1835, Aug.: tenders invited for Bank and Manager’s House, Burslem, Staffordshire, for Commercial Bank of England. TWA, now at Store Street, Manchester, assumed separate commission from Manchester and Liverpool District Bank.
1835–41: St Mary the Virgin Church, Hope under Dinmore, Herefordshire (ICBS 01941 Folios 22ff). Grant for enlargement/gallery. Ground plan (before and after work); gallery (after work). (ICBS, building specs available)
1836: Crescent Terrace at Beulah Spa, Norwood (RIBA). Wrongly attrib. to TWA; John Atkinson, architect, see Colvin 3rd edn (HC), but apparently not built.
Brighton Grove Villas, Wilmslow Road, Rusholme (Prospectus). Architects: TWA and Clayton. Proposal to sell off plots around a lake, but only lodge, gates and two buildings completed. Partnership with Clayton formally dissolved 15 Oct.

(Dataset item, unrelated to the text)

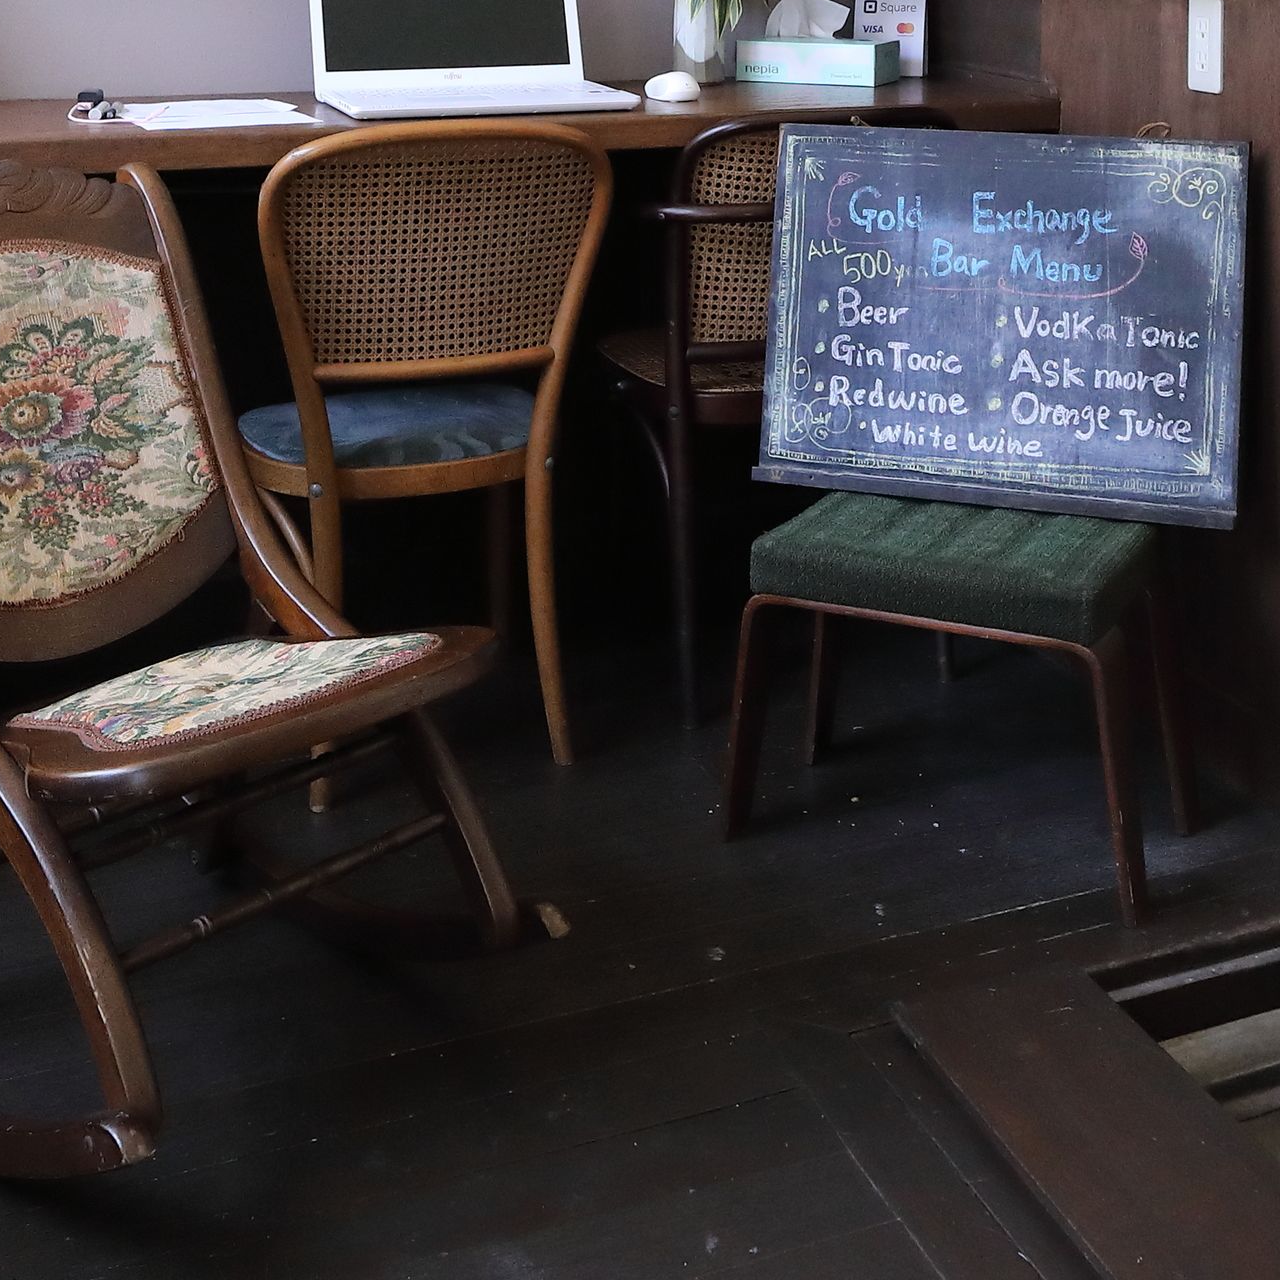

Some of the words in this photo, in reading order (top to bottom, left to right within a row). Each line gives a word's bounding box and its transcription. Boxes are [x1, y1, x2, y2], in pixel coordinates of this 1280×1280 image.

Sudeley Castle, Glos., architectural work or merely a view? RMI. (WP)
1836–39: St Luke’s, Cheetham Hill, reputedly TWA’s best building, ‘probably the finest Gothic example’ of a Church Commissioners’ church in Manchester. In fact, built by subscription in fashionable area (WP). Spire and roof (dry rot) removed & redevelopment mooted. Mendelssohn played on fine organ. Grade II listed. Greater Manchester Building Preservation Trust. Shell extant.
1837: Design for altarpiece, St Luke’s, Cheetham Hill, RMI. (HC)
1837–39: Church of St Barnabas, Openshaw. TWA still in Store Street, Manchester. Foundation stone laid 5 June 1837. Opened 31 March 1839. Demolished Nov. 1959. Signed lithograph in William Salt Library, Stafford. (RIBA)
Lodges at Brighton Grove, Manchester, w/c, RMI (AH). Stone lodge post extant.
Public buildings at Derby, design for, w/c, RMI. (AH)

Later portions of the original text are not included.